Defiance In The Land Of The Free
Published by MAC on 2006-04-23Source: The Sunday Times Magazine
Defiance in the land of the free
The Sunday Times Magazine http://www.timesonline.co.uk/article/0,,2099-2142374.html
23th April 2006
A Native American woman is at war with the US. For 30 years she's been fighting to keep her ancestral land and now the United Nations is on her side. Report by Nicola Graydon
The government came for the horses at dawn. It was spring 2003 and it was foaling season. A helicopter flew low over Pine Valley, herding them to corrals. Some prematurely gave birth, others were trampled. Armed federal agents stood by. By the end of the day, over 500 horses were taken to be auctioned off to a local rancher. Not long afterwards some 50 carcasses were dumped the horses had starved to death.
Carrie Dann, a diminutive Western Shoshone grandmother who owned the horses, refuses to talk about it. "Indians love horses," is all she'll say. But she thinks it caused the death of her sister, Mary, who died last April. "After that," she says, "Mary went down real fast."
The 2003 round-up was the fourth military-style operation in one of the longest-running land disputes in the history of America. For over 30 years, Carrie and Mary Dann have fought the US government for Western Shoshone rights to 60 million acres of land that stretch through Nevada into neighbouring states. Until now, the harassment has hardly scratched the conscience of America, but that might be about to change.
In March, in an unprecedented document, the UN demanded that the US government halt all actions against the Shoshone and find a solution acceptable to them and in accordance with their rights. This landmark decision could force the government to transform antiquated federal Indian law. And if it does it will be in no small part down to the Dann sisters.
What she lacks in physical stature she barely scrapes 5ft Carrie Dann makes up for in presence and sheer bloody-mindedness. Her face is weathered by decades in the saddle and a 20-a-day habit and her swearing doesn't endear her to government officials. "The Indian wars ain't over yet," she says fiercely. "They're still happening here and now." But, despite her defiance, she admits she's still afraid the US government will confiscate her ranch to pay outstanding fines for disputed grazing fees.

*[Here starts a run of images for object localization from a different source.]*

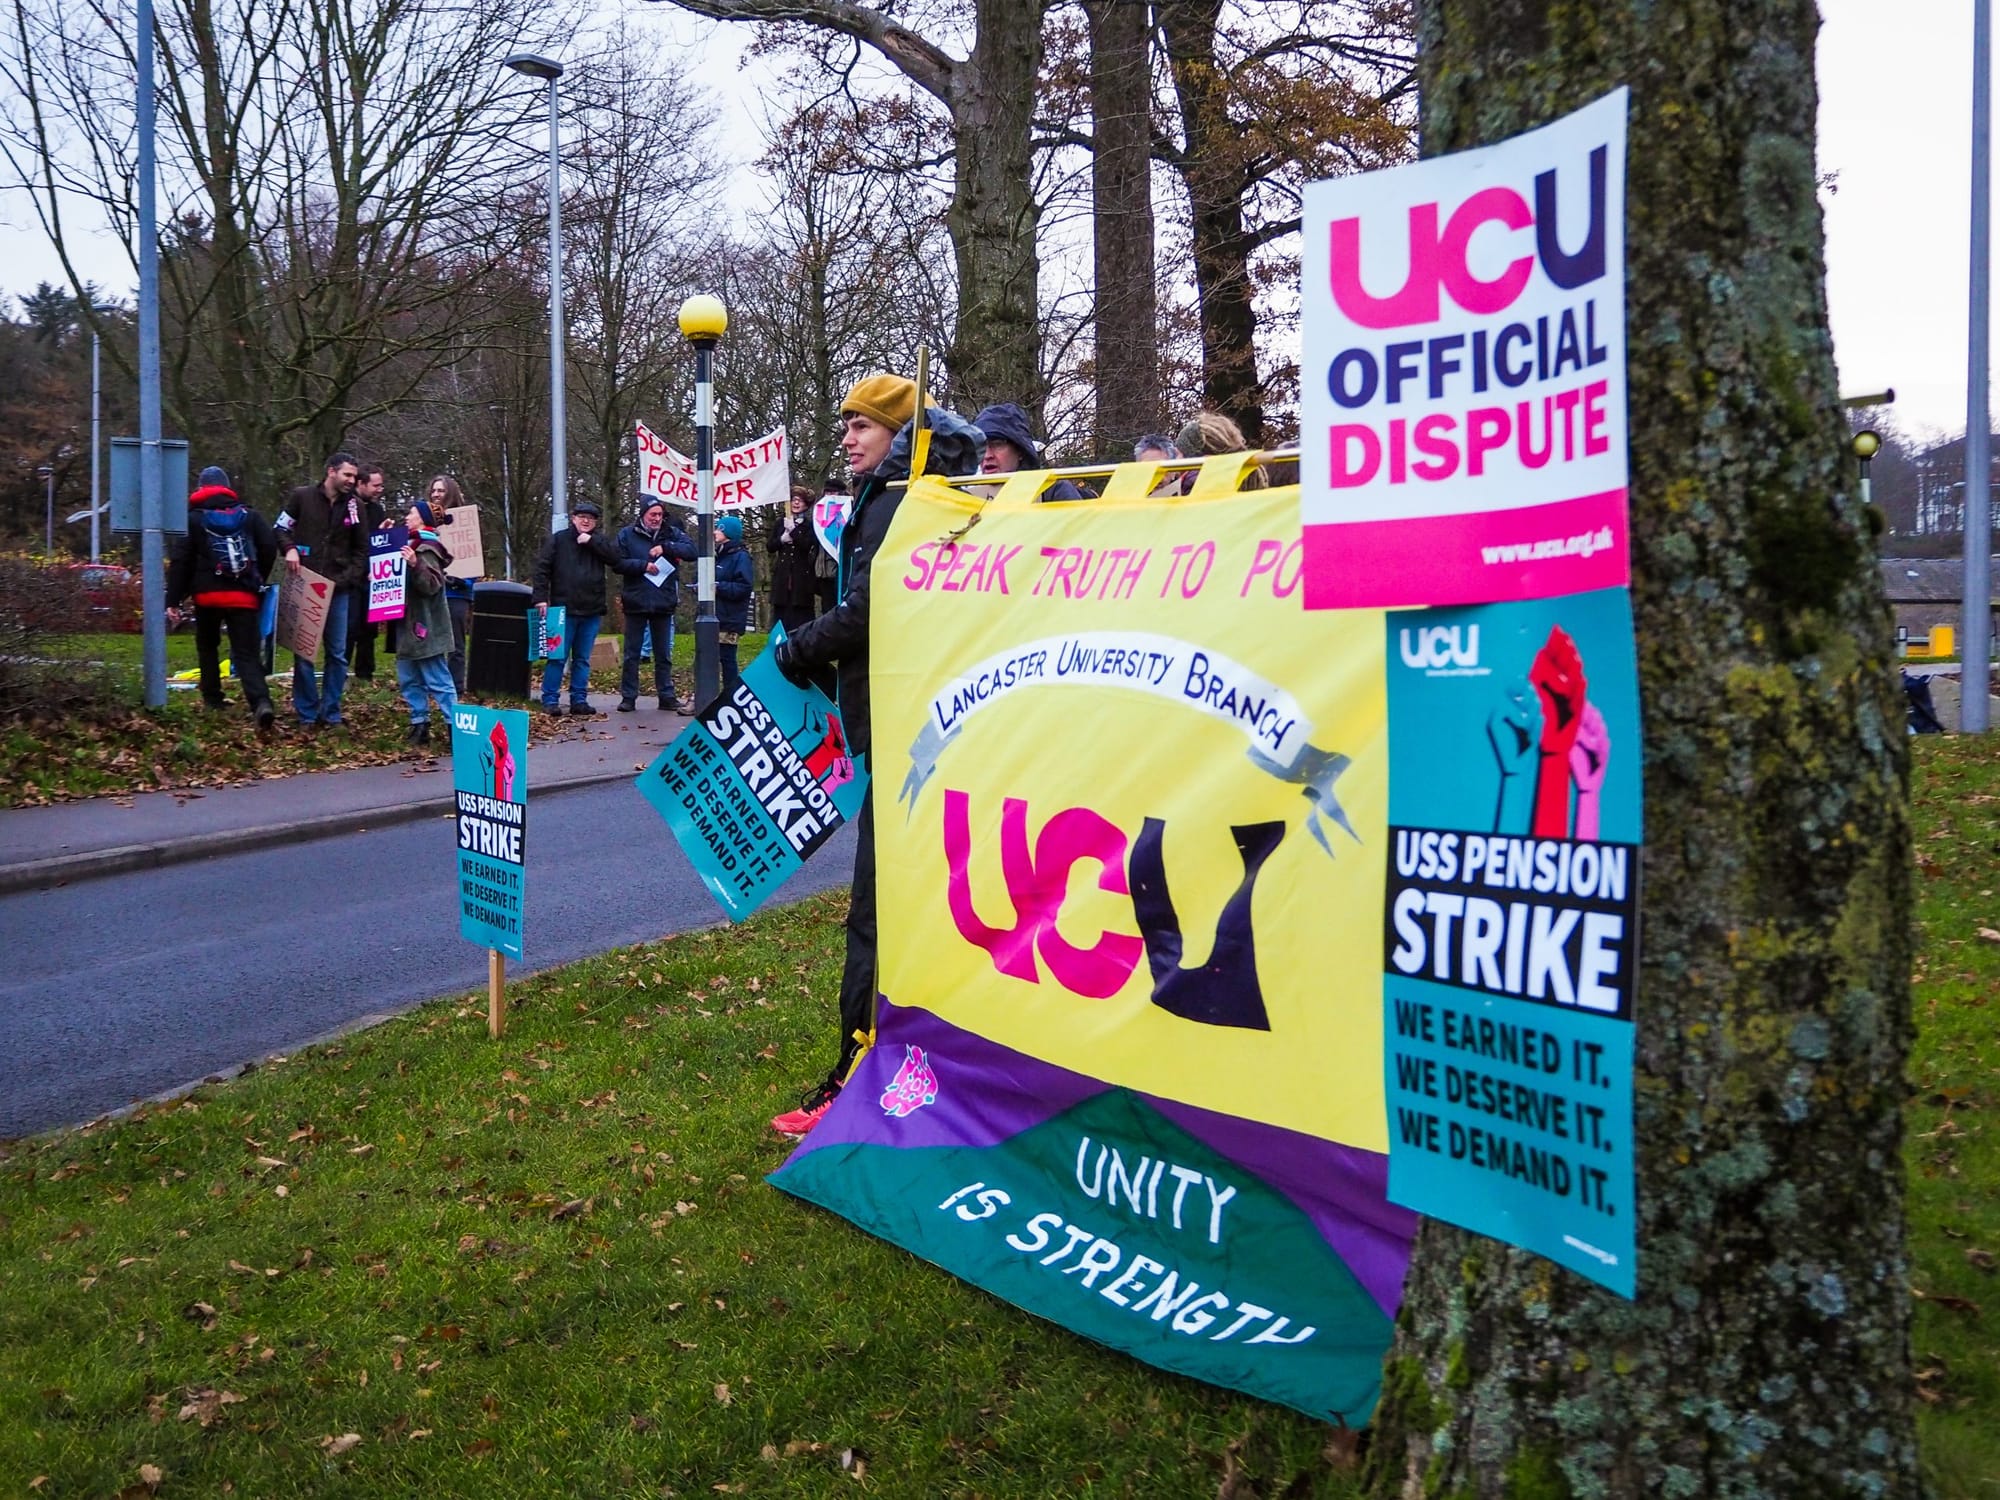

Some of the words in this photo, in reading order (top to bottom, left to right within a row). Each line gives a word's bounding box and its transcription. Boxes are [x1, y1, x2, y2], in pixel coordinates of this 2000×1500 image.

[1329, 143, 1608, 329] UCU
[1327, 300, 1607, 409] OFFICIAL
[636, 426, 783, 476] SOIARITY
[1329, 379, 1609, 489] DISPUTE
[371, 534, 388, 546] UCU
[373, 558, 402, 580] UCU
[448, 529, 474, 544] THE
[902, 541, 1024, 595] SPEAK
[1032, 546, 1152, 600] TRUTH
[1160, 540, 1217, 599] TO
[1240, 538, 1303, 599] PO
[303, 597, 324, 628] MY
[372, 589, 402, 603] DISPUTE
[373, 579, 402, 592] OFFICIAL
[296, 624, 317, 656] JOB
[1400, 624, 1479, 668] UCU
[455, 712, 477, 731] UCU
[935, 650, 1047, 731] LANCASTER
[1056, 640, 1174, 686] UNIVERSITY
[1183, 652, 1296, 750] BRANCH
[706, 705, 822, 852] STRIKE
[732, 685, 773, 731] USS
[764, 726, 839, 826] PENSION
[458, 792, 477, 814] USS
[478, 798, 522, 825] PENSION
[659, 763, 687, 796] WE
[682, 792, 737, 871] DEMAND
[734, 871, 755, 898] IT.
[673, 748, 702, 781] WE
[699, 777, 755, 859] DESERVE
[750, 859, 772, 883] IT.
[688, 732, 716, 765] WE
[713, 761, 768, 841] EARNED
[765, 841, 787, 869] IT.
[460, 815, 521, 863] STRIKE
[461, 858, 473, 875] WE
[475, 862, 507, 885] EARNED
[509, 873, 519, 890] IT.
[1396, 830, 1459, 881] USS
[1462, 836, 1627, 900] PENSION
[463, 879, 473, 896] WE
[475, 883, 507, 908] DESERVE
[509, 896, 518, 912] IT.
[463, 901, 474, 917] WE
[475, 905, 507, 930] DEMAND
[508, 918, 518, 935] IT.
[944, 789, 1285, 1031] UCU
[1392, 888, 1622, 1013] STRIKE
[1394, 999, 1436, 1042] WE
[1443, 1008, 1561, 1075] EARNED
[1573, 1040, 1611, 1089] IT.
[1395, 1053, 1438, 1098] WE
[1446, 1065, 1569, 1139] DESERVE
[1576, 1103, 1613, 1153] IT.
[1075, 1136, 1237, 1244] UNITY
[1397, 1107, 1441, 1154] WE
[1450, 1121, 1570, 1197] DEMAND
[1579, 1165, 1615, 1217] IT.
[938, 1182, 1011, 1221] IS
[1006, 1212, 1317, 1344] STRENGTH

The Dann ranch isn't much to look at. A single-story rambling clapboard house, it's surrounded by tall cottonwood trees and rusting wrecks. Uncle Clifford, who famously threatened to douse himself in gasoline when the "feds" first confiscated the family livestock in the early 1990s, earning nine months in state prison as a result, lives in a trailer in the garden. He's now profoundly deaf. Carrie's severely disabled son is playing in the cabin of a tractor in the front yard.
Panes of glass have been replaced by cardboard and there's no central heating. Cooking is done on a wood-burning stove. The only things that place the ranch in the 21st century are the solar panels that replaced the generator last year. But Carrie doesn't care about home comforts. Her grandmother, she tells me proudly, never had a bed. Anyway, the land is all that matters. "We've been here since time immemorial," she says, as we make our way to a small dam to catch brown trout for dinner. "I was born here and this is where I'll die, whatever the government says."

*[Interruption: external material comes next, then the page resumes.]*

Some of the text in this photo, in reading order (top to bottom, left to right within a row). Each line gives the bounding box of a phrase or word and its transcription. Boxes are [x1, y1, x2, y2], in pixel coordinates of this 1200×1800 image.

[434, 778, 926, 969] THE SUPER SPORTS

The ranch is dwarfed by the Nevada landscape. Crescent Valley stretches away from it for miles like a vast carpet of desert shrubs and wild flowers.

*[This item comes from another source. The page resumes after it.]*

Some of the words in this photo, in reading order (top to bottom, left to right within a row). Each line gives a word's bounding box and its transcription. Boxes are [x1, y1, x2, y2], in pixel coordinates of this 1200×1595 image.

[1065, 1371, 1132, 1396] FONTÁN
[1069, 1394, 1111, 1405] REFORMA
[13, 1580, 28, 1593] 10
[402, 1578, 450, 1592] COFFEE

To the naked eye, it's a vast plain of nothing much but the ranch is on some of the most expensive real estate in the world. Carrie Dann is, quite literally, sitting on a gold mine.
Just down the road, the Carlin Trend, discovered in the 1960s, is the second largest gold depository in the world after Witwatersrand in South Africa, but the entire state is covered with open pits. Mining has always been Nevada's raison d'etre. There was a lull at the beginning of the 20th century; silver ran out and gold was yet to be discovered so the state legalised divorce, gambling and prostitution. But today nearly 10% of the world's production of gold ? over half of US production comes from Nevada.
Carrie's ranch sits on the slopes of the Cortez mountain range, first prospected in the original gold rush but as yet untapped. Not long before the 2003 round-up, Cortez Mining (a joint venture between Placer Dome, the largest mining operation in the area, and Rio Tinto) tried to introduce legislation to privatise 60,000 acres for mining around Mount Tenabo, the most imposing mountain in the range. Tenabo is sacred to the Shoshone for reasons other than gold, and the ensuing uproar killed the bill but, for the Danns, this was just another battle in an ongoing war of attrition.
The Danns' legal dispute began in 1973 when the Bureau of Land Management fined the sisters for grazing their livestock on "public lands": that is, land owned by the federal government. The sisters never had any intention to pay. As far as they were concerned, they were grazing ancestral land ratified in the Treaty of Ruby Valley in 1863. Collection notices still arrive at the tiny local post office but Carrie doesn't even bother to open them. "I probably owe $5m by now," she laughs hoarsely.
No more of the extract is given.